◆ STUDY MATERIAL:
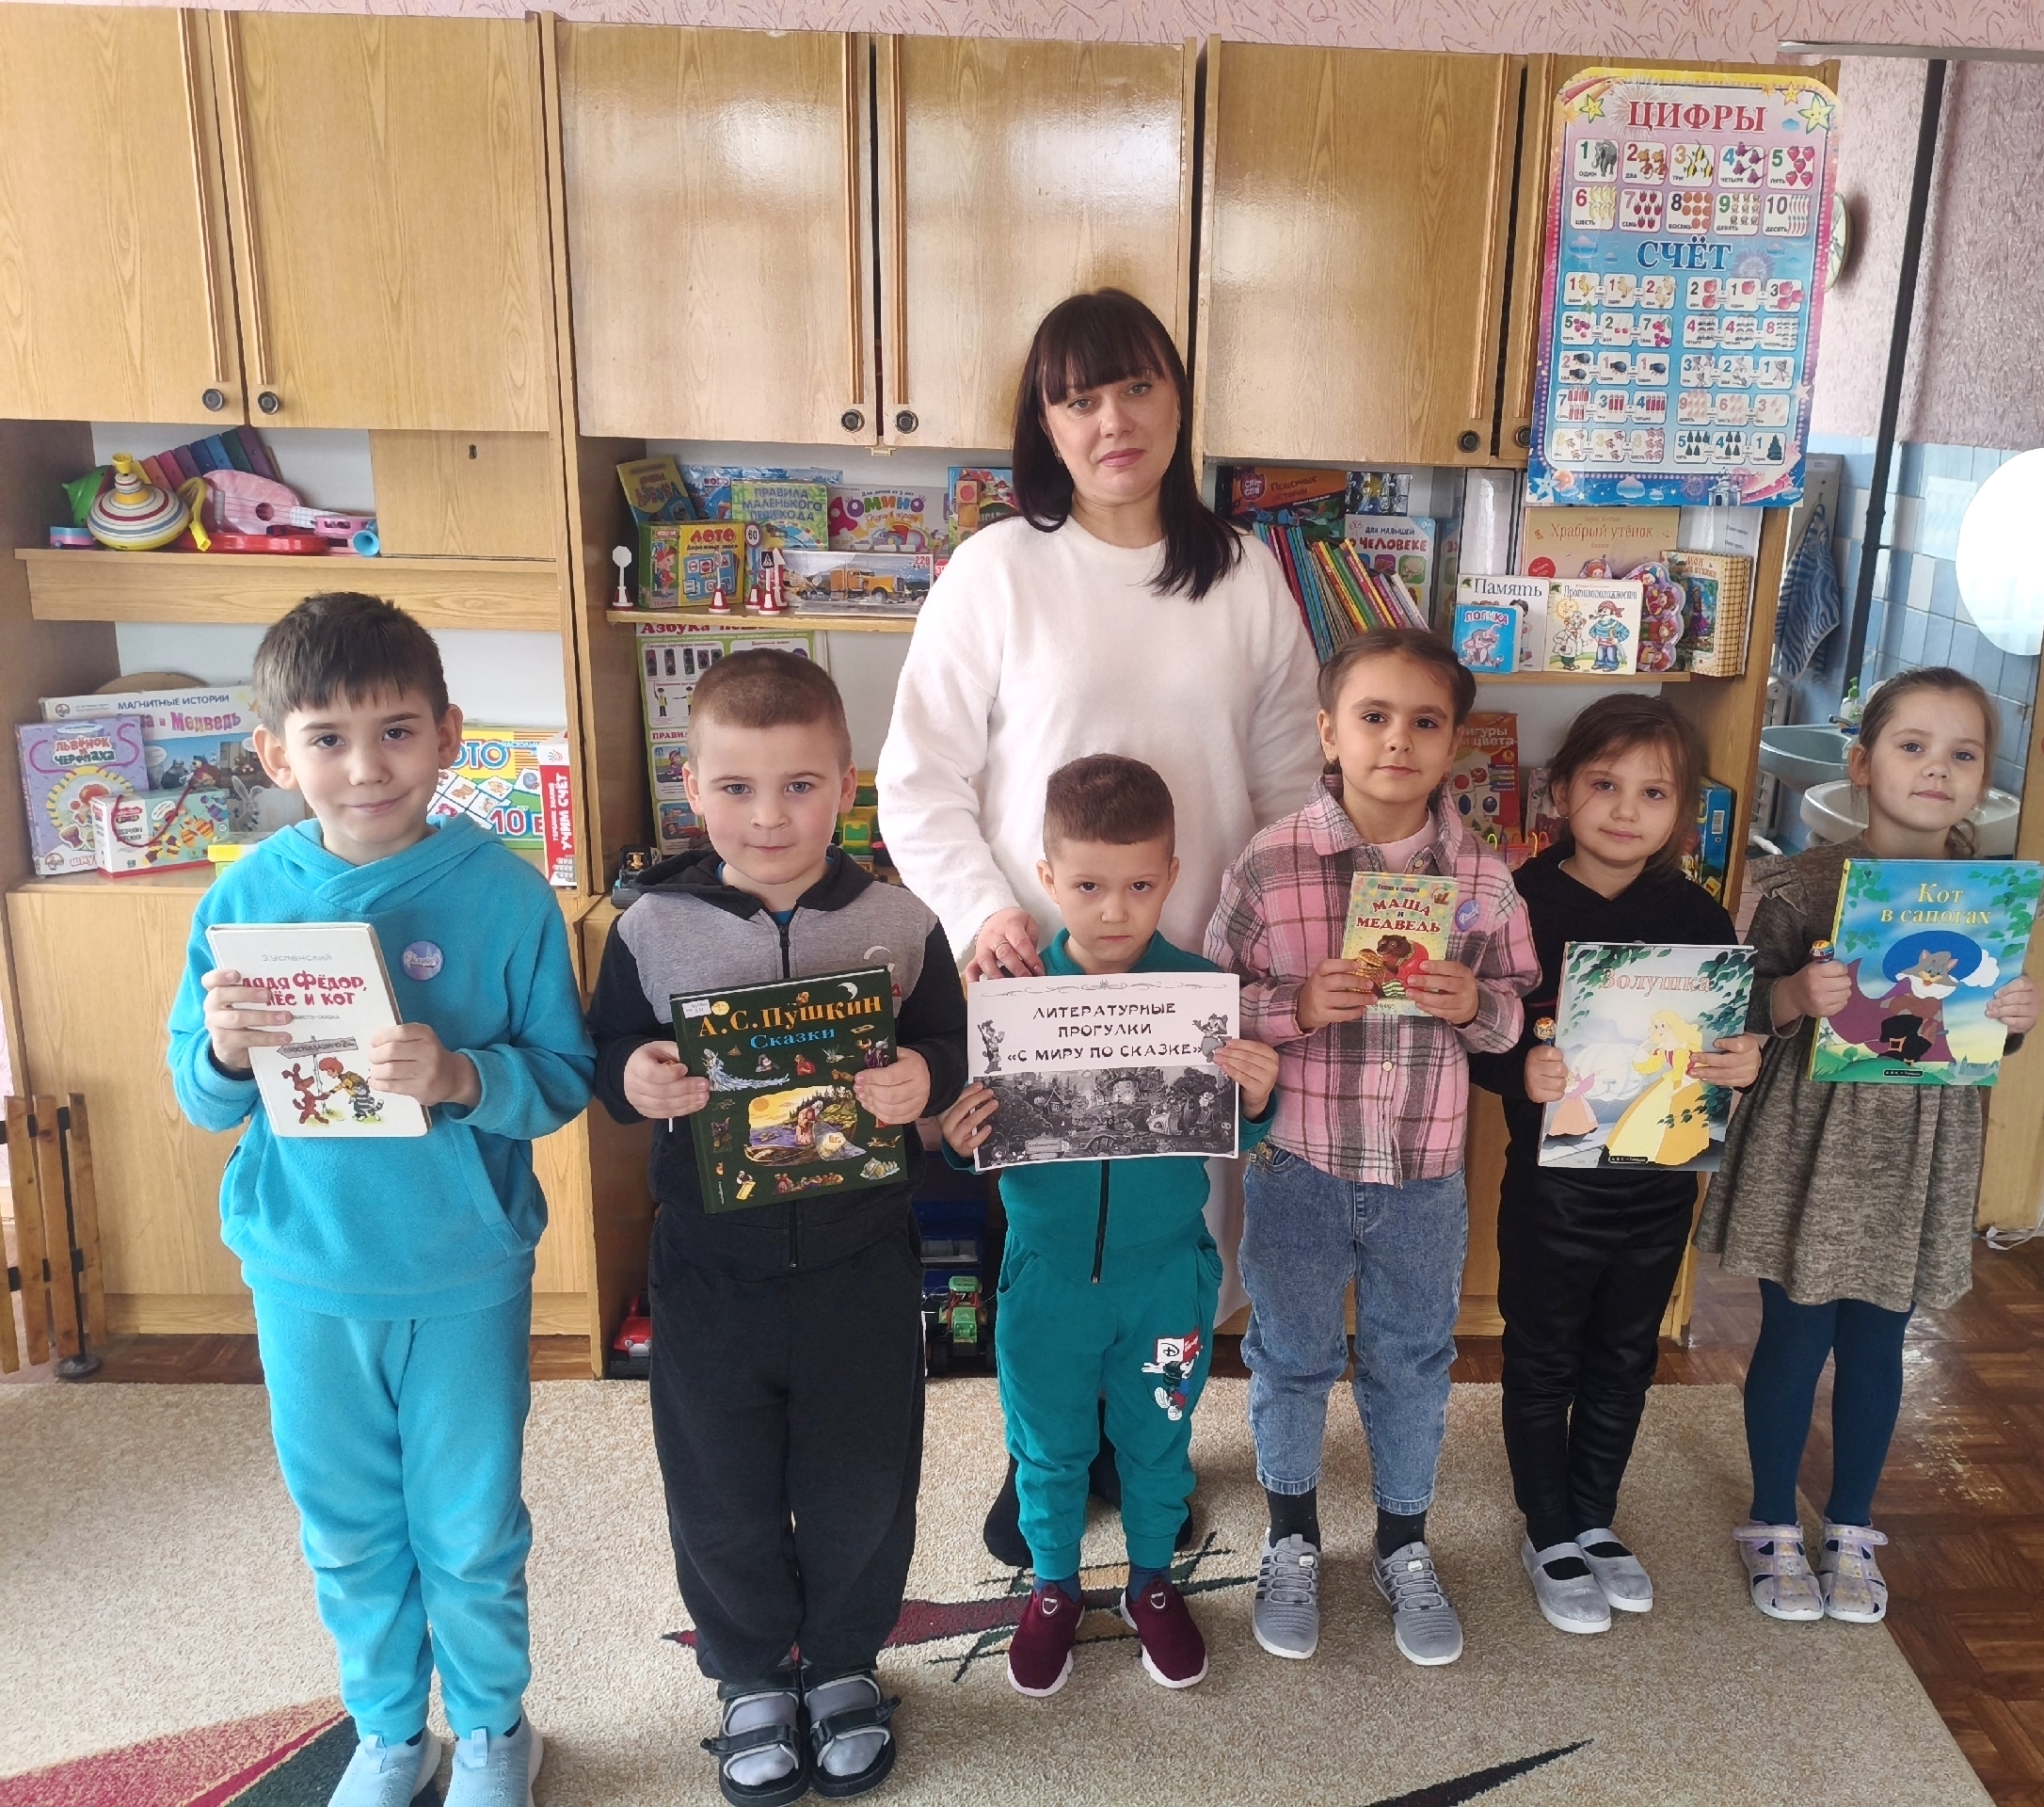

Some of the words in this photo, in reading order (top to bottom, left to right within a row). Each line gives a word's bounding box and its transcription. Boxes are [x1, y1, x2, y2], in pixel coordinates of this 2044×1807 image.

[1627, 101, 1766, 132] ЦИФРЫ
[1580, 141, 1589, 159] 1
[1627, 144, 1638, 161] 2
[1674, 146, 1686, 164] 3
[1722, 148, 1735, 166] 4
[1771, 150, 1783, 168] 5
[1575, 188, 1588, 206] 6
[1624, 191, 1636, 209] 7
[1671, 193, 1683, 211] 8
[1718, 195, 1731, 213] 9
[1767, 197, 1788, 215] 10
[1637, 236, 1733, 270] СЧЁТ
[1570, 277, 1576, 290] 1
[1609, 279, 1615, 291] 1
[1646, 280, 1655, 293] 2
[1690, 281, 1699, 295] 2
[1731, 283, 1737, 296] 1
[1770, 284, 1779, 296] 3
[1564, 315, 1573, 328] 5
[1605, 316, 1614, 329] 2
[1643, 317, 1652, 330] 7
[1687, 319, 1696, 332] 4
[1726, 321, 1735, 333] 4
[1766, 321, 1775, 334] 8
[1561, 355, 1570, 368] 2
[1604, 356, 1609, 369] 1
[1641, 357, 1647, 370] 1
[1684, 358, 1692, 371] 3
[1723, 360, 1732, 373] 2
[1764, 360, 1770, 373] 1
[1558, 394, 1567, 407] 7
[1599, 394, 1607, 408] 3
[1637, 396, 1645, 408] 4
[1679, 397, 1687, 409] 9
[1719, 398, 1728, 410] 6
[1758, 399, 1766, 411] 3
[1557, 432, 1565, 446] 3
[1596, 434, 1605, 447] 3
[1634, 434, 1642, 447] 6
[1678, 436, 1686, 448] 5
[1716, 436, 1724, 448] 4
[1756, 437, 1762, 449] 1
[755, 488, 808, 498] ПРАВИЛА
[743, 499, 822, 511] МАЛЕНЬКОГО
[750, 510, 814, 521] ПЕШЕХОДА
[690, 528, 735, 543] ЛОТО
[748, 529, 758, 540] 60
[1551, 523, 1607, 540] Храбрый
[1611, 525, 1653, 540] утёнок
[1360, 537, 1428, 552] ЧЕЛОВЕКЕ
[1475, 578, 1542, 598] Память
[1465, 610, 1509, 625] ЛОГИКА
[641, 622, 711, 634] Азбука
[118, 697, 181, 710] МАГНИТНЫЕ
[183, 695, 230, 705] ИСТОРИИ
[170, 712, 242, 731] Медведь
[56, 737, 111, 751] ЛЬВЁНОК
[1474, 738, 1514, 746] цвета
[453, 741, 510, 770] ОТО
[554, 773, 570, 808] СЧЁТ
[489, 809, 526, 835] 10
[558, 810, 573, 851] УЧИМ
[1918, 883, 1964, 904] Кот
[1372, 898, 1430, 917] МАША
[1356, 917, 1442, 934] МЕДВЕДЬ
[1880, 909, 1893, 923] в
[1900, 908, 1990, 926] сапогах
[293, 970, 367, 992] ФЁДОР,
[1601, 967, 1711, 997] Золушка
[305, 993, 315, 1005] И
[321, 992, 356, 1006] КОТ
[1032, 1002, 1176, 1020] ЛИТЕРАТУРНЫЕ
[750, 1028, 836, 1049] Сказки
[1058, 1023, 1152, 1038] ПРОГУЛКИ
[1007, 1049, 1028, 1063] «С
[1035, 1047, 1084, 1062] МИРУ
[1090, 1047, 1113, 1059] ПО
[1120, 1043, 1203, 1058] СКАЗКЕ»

◆ DIRECTIONS:
Would you filter the entries above and keep each line that has the word "СЧЁТ"?

◆ RESPONSE AREA:
[1637, 236, 1733, 270] СЧЁТ
[554, 773, 570, 808] СЧЁТ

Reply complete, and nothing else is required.